__Prompt__
What is the number of lines in the data that include the string "Kastdroog"? Give it by itself.

__Free-text object descriptions__
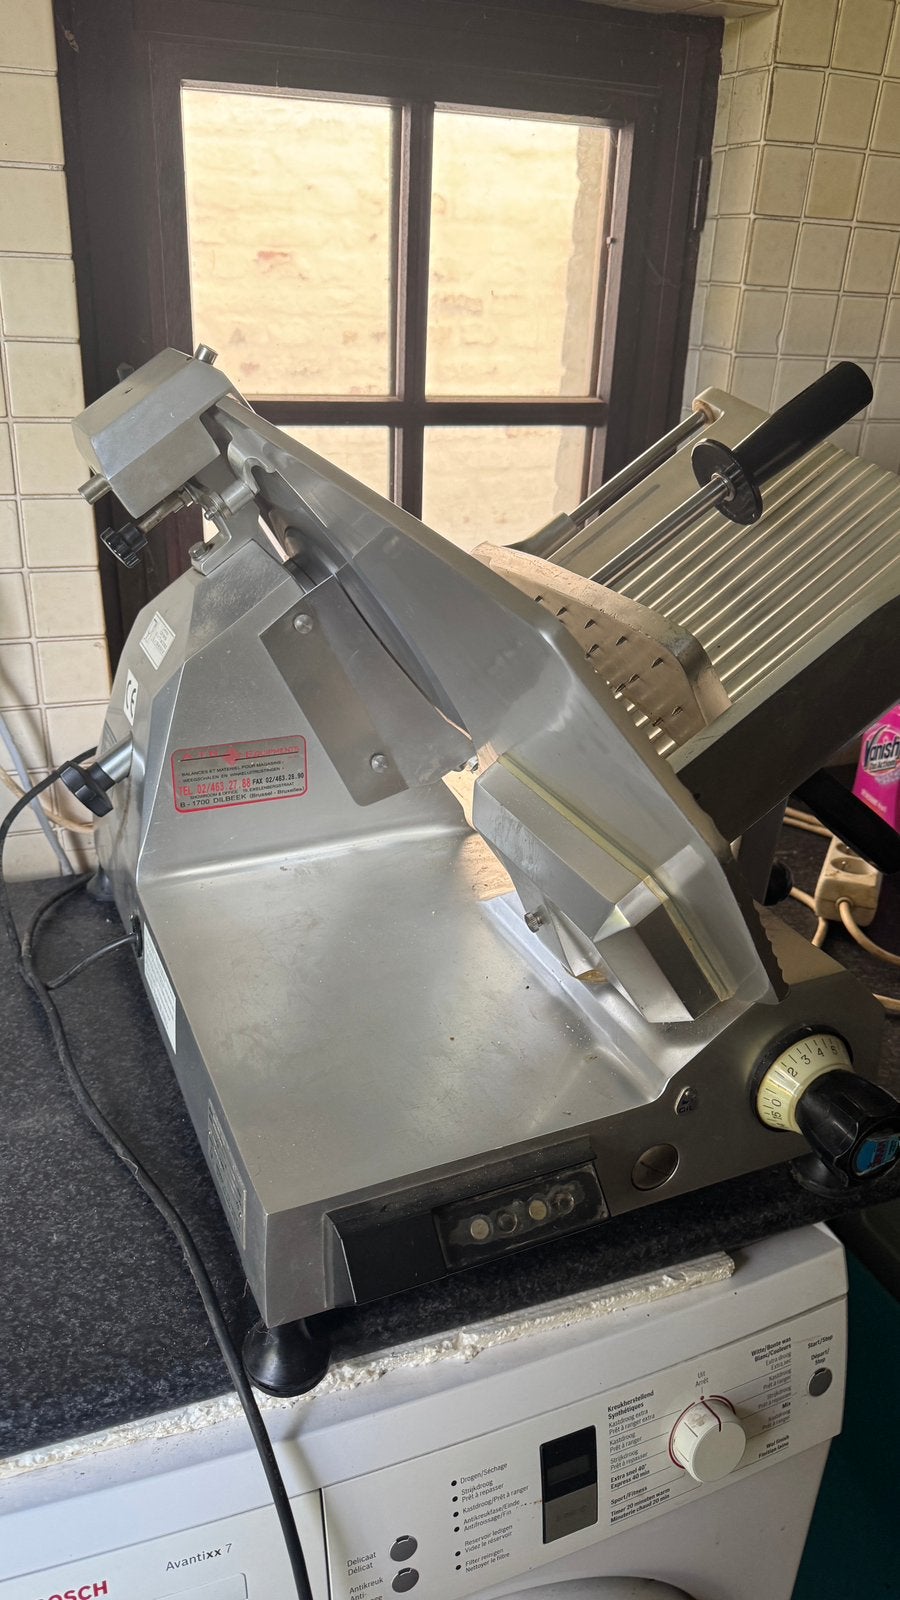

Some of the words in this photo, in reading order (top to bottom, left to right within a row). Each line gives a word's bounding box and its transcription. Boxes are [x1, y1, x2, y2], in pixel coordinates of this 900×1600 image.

[213, 794, 247, 804] DILBEEK
[771, 1098, 782, 1107] 0
[787, 1067, 798, 1078] 2
[800, 1055, 811, 1065] 3
[817, 1047, 825, 1057] 4
[751, 1341, 781, 1356] Witte/Bonte
[807, 1335, 833, 1349] Start/Stop
[754, 1344, 791, 1361] Blanc/Couleurs
[815, 1357, 826, 1365] Stop
[608, 1390, 654, 1412] Kreukherstellend
[608, 1402, 644, 1420] Synthétiques
[609, 1414, 635, 1428] Kastdroog
[635, 1409, 648, 1418] extra
[609, 1426, 620, 1434] Prêt
[625, 1418, 642, 1430] ranger
[642, 1414, 655, 1422] extra
[610, 1432, 636, 1446] Kastdroog
[610, 1444, 621, 1453] Prêt
[626, 1436, 642, 1447] ranger
[610, 1449, 639, 1464] Strijkdroog
[610, 1462, 622, 1470] Prêt
[626, 1452, 648, 1464] repasser
[460, 1463, 508, 1484] Drogen/Séchage
[611, 1473, 626, 1483] Extra
[626, 1468, 637, 1476] snel
[461, 1480, 493, 1496] Strijkdroog
[611, 1478, 631, 1489] Express
[462, 1494, 474, 1503] Prêt
[480, 1483, 504, 1496] repasser
[463, 1493, 505, 1514] Kastdroog/Prêt
[511, 1485, 529, 1496] ranger
[611, 1486, 647, 1505] Sport/Fitness
[611, 1507, 626, 1516] Timer
[634, 1496, 655, 1506] minuten
[656, 1488, 670, 1497] warm
[464, 1500, 520, 1525] Antikreukfase/Einde
[464, 1510, 512, 1532] Antifroissage/Fin
[611, 1509, 636, 1523] Minuterie
[636, 1501, 652, 1511] chaud
[465, 1532, 491, 1546] Reservoir
[492, 1525, 513, 1537] ledigen
[465, 1544, 480, 1553] Videz
[488, 1532, 512, 1544] réservoir
[166, 1548, 223, 1571] Avantixx
[225, 1543, 234, 1554] 7
[347, 1552, 377, 1568] Delicaat
[465, 1557, 480, 1567] Filter
[481, 1549, 504, 1560] reinigen
[466, 1560, 489, 1573] Nettoyer
[497, 1552, 510, 1561] filtre
[348, 1562, 373, 1577] Délicat
[350, 1577, 384, 1595] Antikreuk

__Solution__
3